The records below are to be copied exactly, with every picture left out.

- **Data records**:
BEGIN

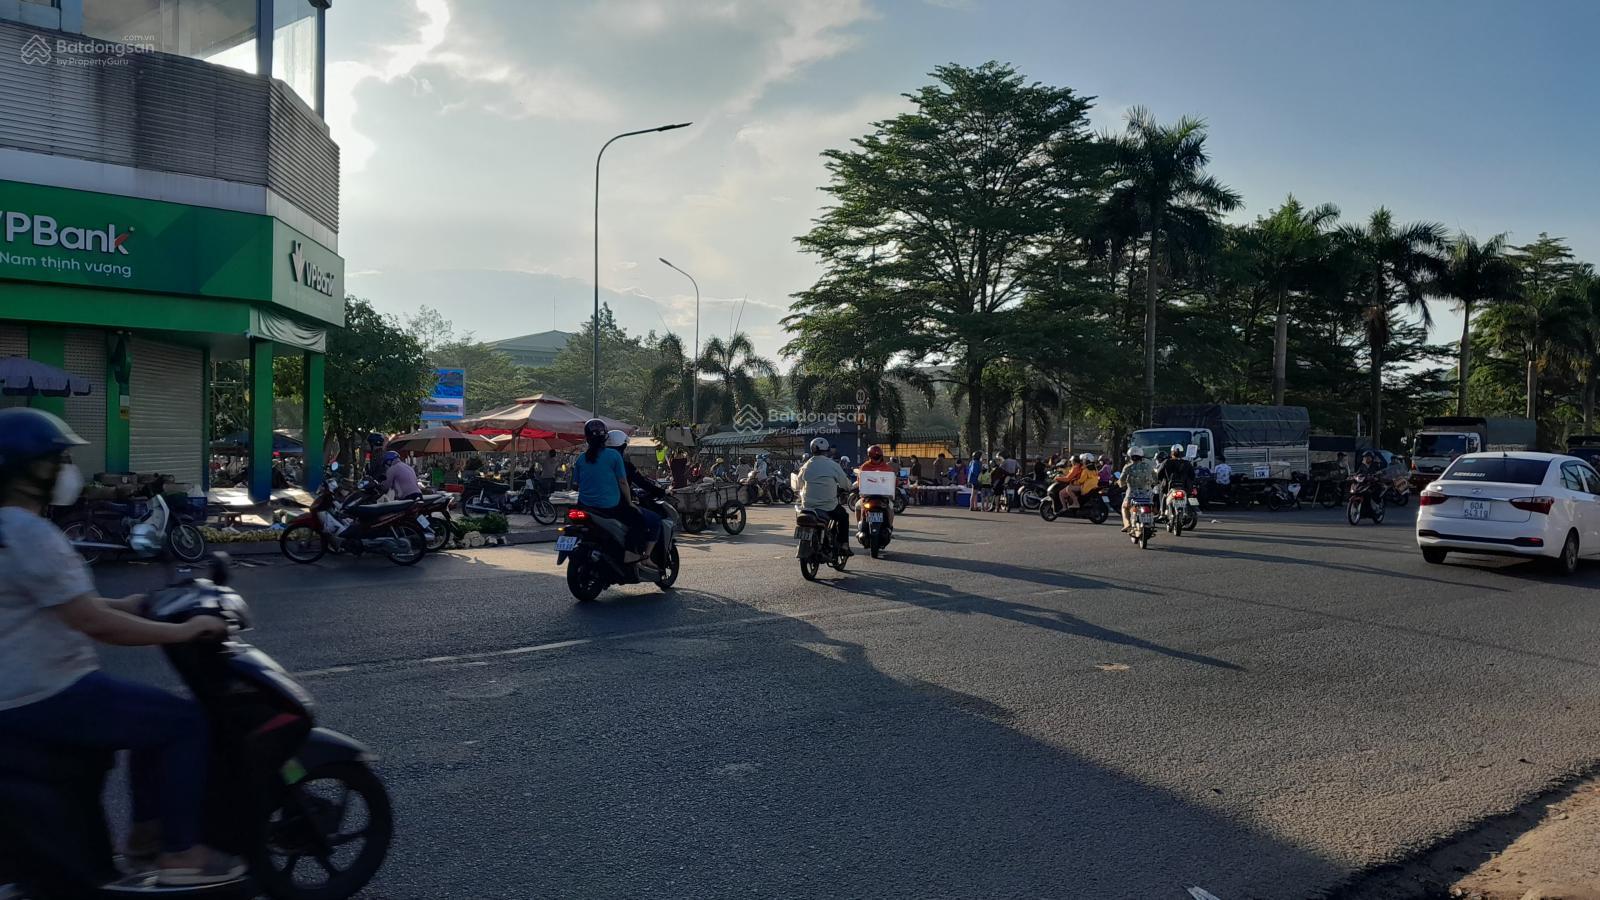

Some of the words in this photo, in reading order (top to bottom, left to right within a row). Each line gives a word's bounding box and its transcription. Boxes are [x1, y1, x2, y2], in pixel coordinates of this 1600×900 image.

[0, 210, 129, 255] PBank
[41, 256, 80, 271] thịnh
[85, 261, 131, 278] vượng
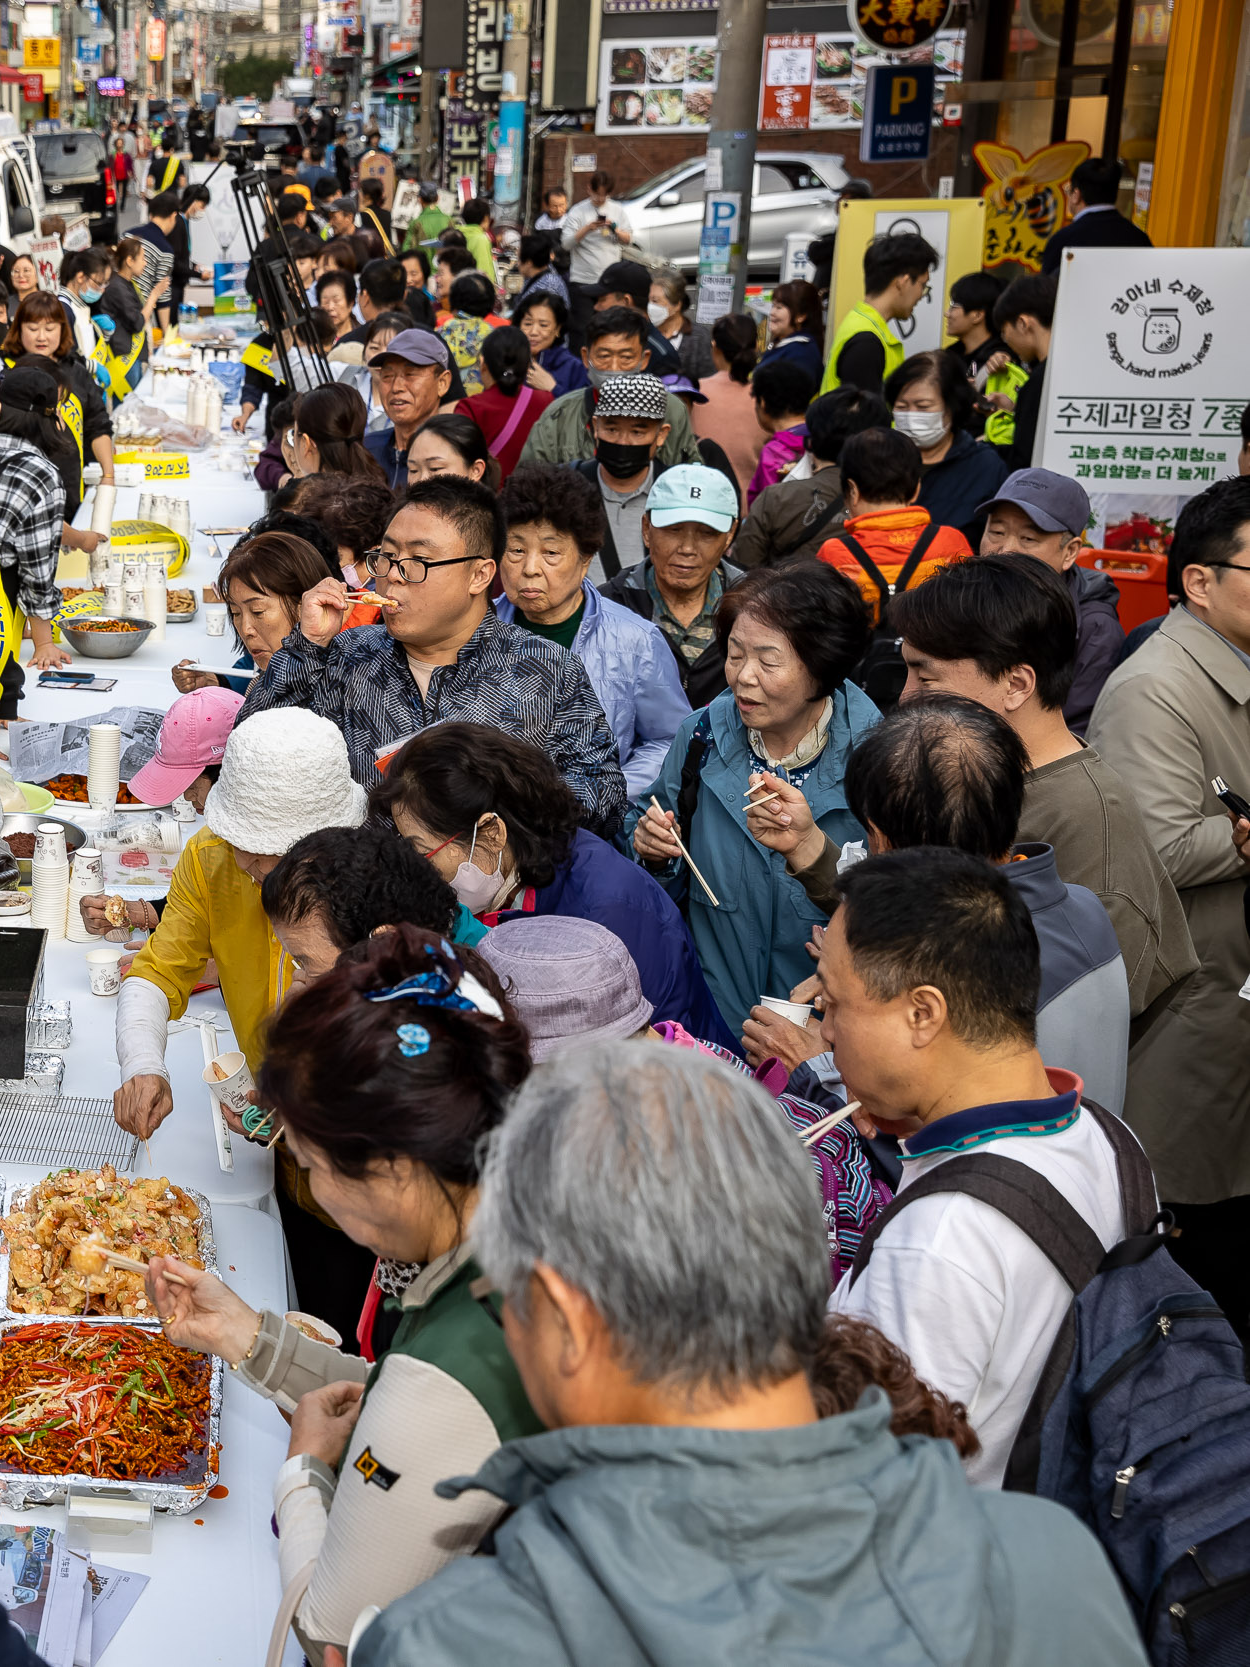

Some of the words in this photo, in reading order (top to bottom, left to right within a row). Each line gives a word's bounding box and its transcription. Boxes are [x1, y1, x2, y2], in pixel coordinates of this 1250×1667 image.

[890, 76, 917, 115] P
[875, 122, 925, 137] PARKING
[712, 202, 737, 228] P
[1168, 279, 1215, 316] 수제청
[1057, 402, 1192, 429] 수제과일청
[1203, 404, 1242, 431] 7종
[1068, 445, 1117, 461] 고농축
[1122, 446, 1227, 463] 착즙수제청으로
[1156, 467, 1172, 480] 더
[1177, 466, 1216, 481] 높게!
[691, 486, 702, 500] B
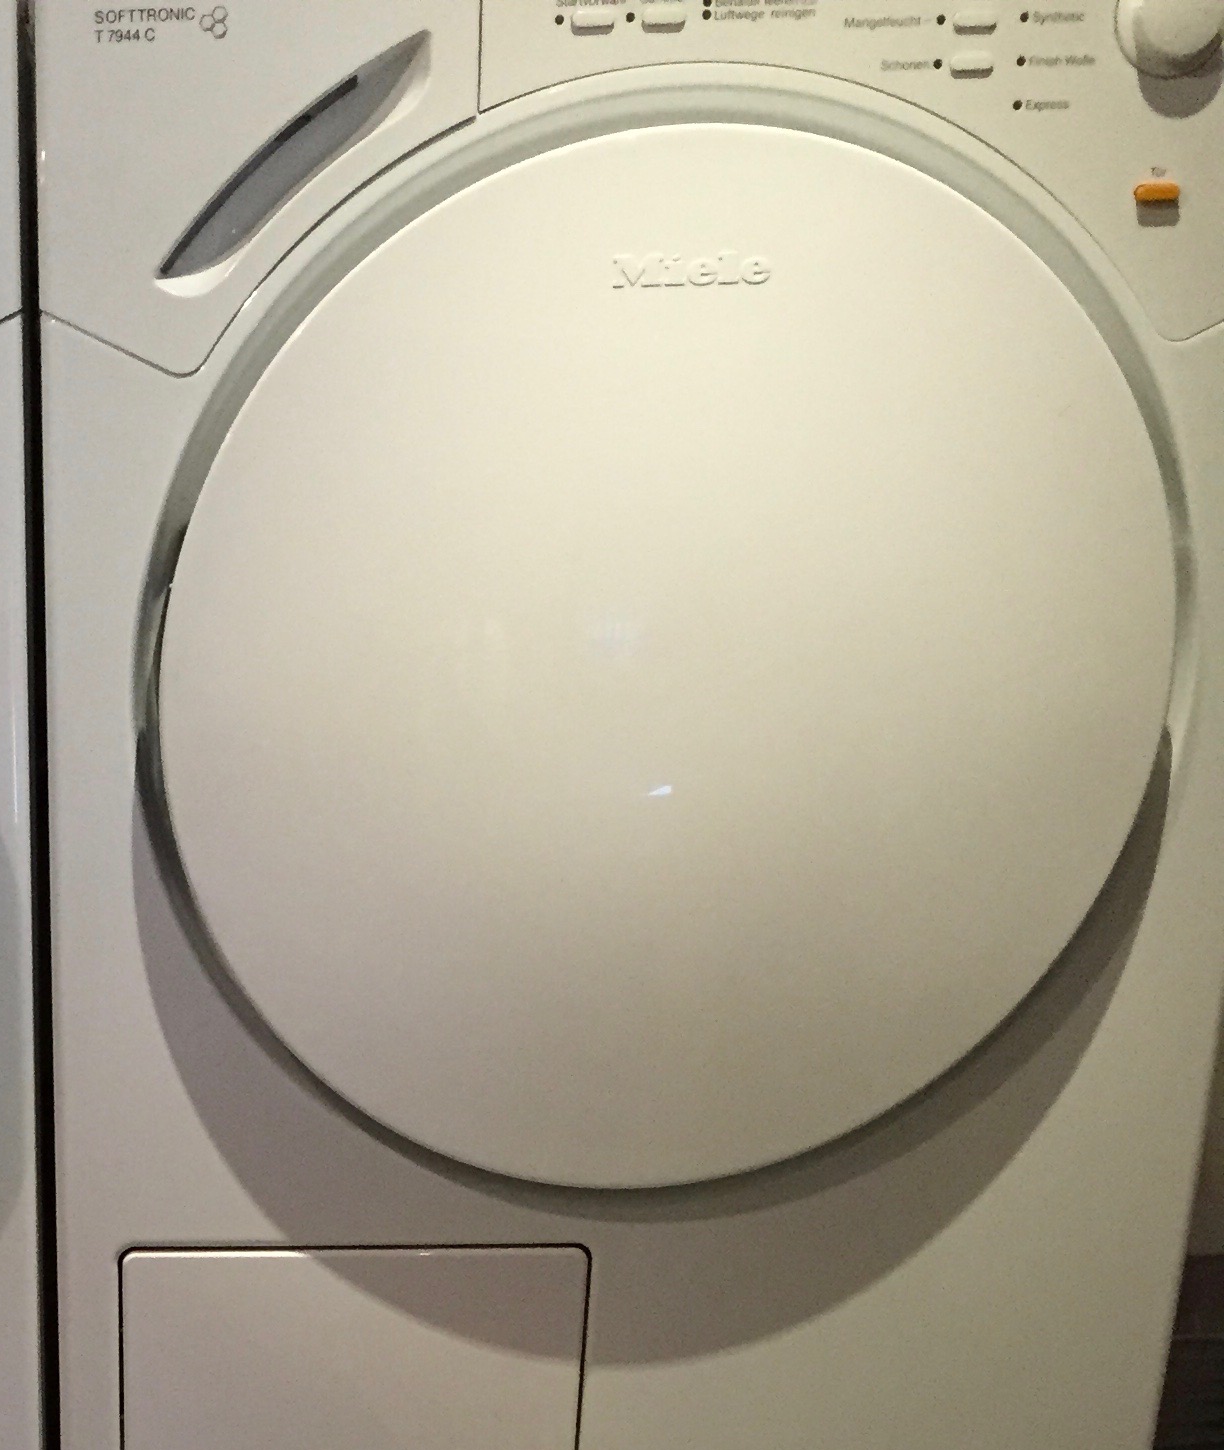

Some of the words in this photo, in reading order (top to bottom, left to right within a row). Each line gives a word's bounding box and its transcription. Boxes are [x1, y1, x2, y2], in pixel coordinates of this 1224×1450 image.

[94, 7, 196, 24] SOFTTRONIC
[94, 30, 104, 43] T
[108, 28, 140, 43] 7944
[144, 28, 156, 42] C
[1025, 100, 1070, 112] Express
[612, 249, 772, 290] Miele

END

- **Answer for the task**:
Some of the words in this photo, in reading order (top to bottom, left to right within a row). Each line gives a word's bounding box and its transcription. Boxes are [x1, y1, x2, y2], in pixel coordinates of this 1600×900 image.

[0, 210, 129, 255] PBank
[41, 256, 80, 271] thịnh
[85, 261, 131, 278] vượng

Some of the words in this photo, in reading order (top to bottom, left to right within a row). Each line gives a word's bounding box and its transcription. Boxes are [x1, y1, x2, y2], in pixel coordinates of this 1250×1667 image.

[890, 76, 917, 115] P
[875, 122, 925, 137] PARKING
[712, 202, 737, 228] P
[1168, 279, 1215, 316] 수제청
[1057, 402, 1192, 429] 수제과일청
[1203, 404, 1242, 431] 7종
[1068, 445, 1117, 461] 고농축
[1122, 446, 1227, 463] 착즙수제청으로
[1156, 467, 1172, 480] 더
[1177, 466, 1216, 481] 높게!
[691, 486, 702, 500] B

Some of the words in this photo, in reading order (top to bottom, left to right within a row). Each line gives a word's bounding box and its transcription. Boxes are [x1, y1, x2, y2], in pixel coordinates of this 1224×1450 image.

[94, 7, 196, 24] SOFTTRONIC
[94, 30, 104, 43] T
[108, 28, 140, 43] 7944
[144, 28, 156, 42] C
[1025, 100, 1070, 112] Express
[612, 249, 772, 290] Miele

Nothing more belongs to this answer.